Past and Present: Ross McElwee × 2
- Sherman’s March
- USA1985
- Ross McElwee
- 157 DCP
- PG
- Past and Present: Ross McElwee × 2
Screening Dates
“Brilliant … Sherman’s March was a revelation when I first saw it in 1987. I had never seen anything like it … Each woman [McElwee] meets along his way is more astonishing than the last.”

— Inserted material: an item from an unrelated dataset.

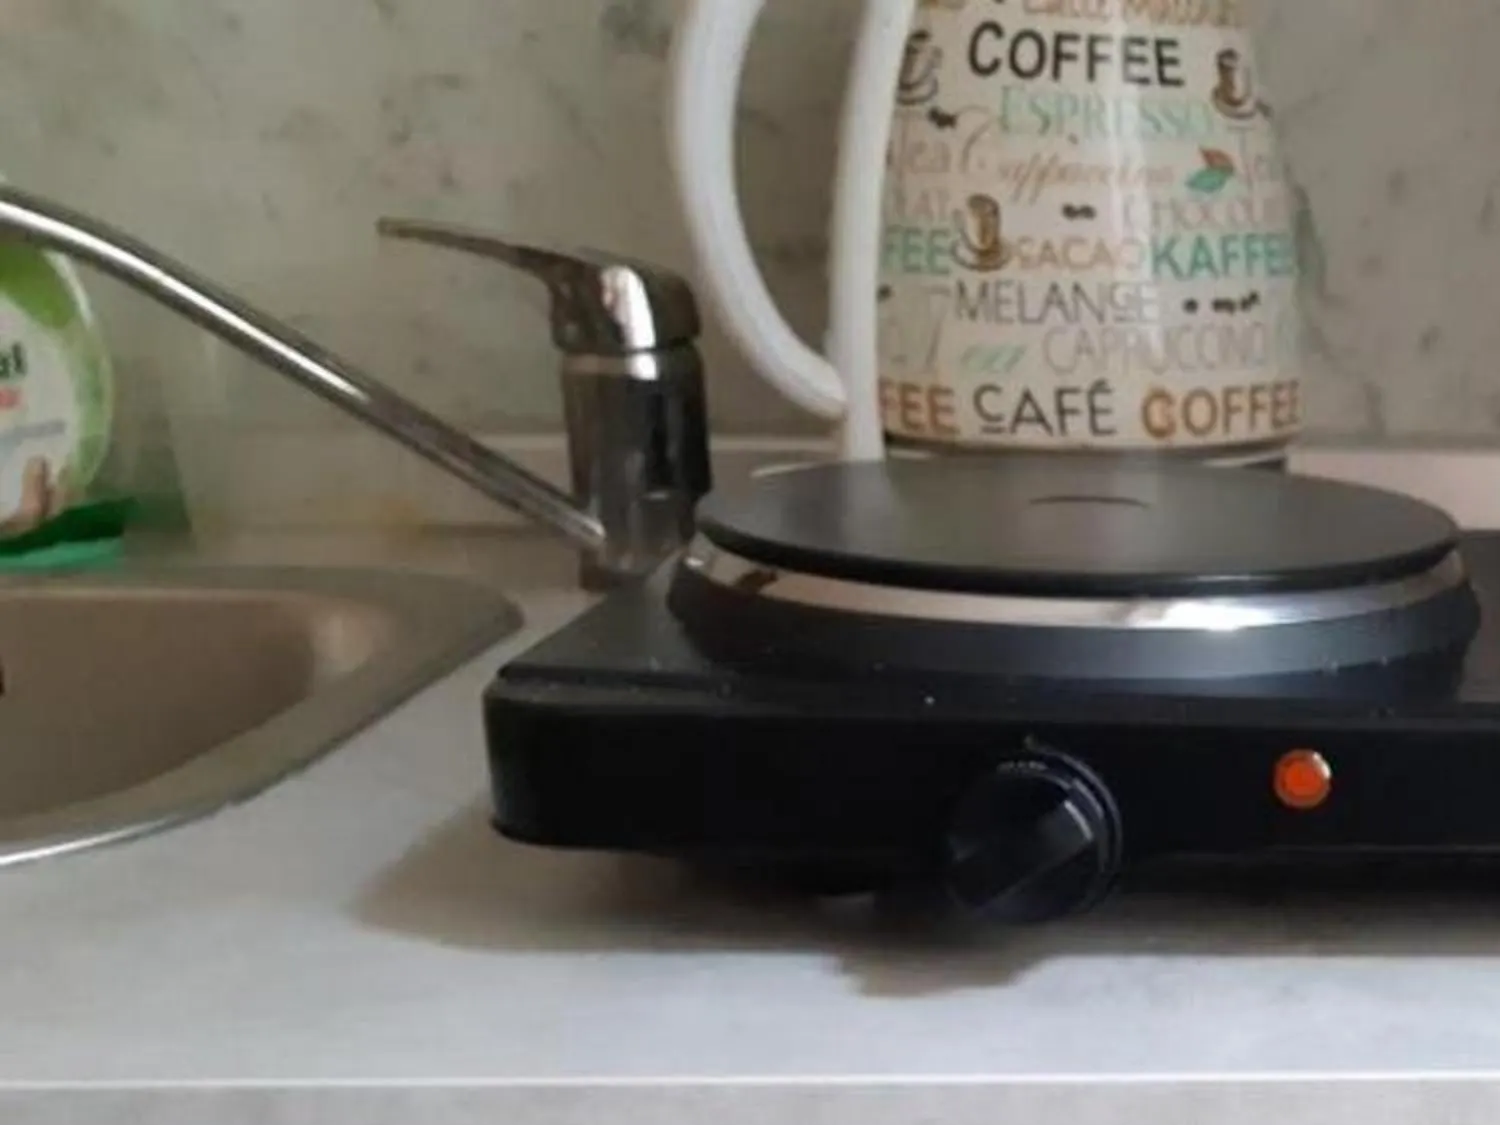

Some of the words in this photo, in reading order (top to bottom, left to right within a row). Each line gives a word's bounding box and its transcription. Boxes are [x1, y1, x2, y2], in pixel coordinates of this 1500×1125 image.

Anne Makepeace, Documentary Magazine
A film that collapses the boundaries between documentary and fiction, filmmaker and subject, and the camera’s viewfinder as window and mirror, Sherman’s March has defined Ross McElwee’s career and continues to influence countless artists today, from Kim Longinotto (Shinjuku Boys) to Nathan Fielder (The Rehearsal). “A meditation on the possibility of romantic love in the South during an era of nuclear weapons proliferation,” the film is a picaresque that, in McElwee’s modest and vulnerable yet calculated voiceover, is introduced as an attempt to chronicle William Tecumseh Sherman’s scorched-earth Civil War campaign. The project’s large scope is welcome, McElwee adds, because he hasn’t yet gotten over a breakup. One subject engulfs the other as he meets a series of women; though he shifts his commentary to courtship rituals, the film is most accurately about McElwee’s state of mind as he attempts to portray—and understand—brief encounters and lifelong relationship patterns.
“A classic … [The] droll observations accumulate into something more compelling than a self-portrait … McElwee never pretends that he’s interested in his subjects as some kind of impartial documentarian—which is how we know that his curiosity about their lives is sincere.”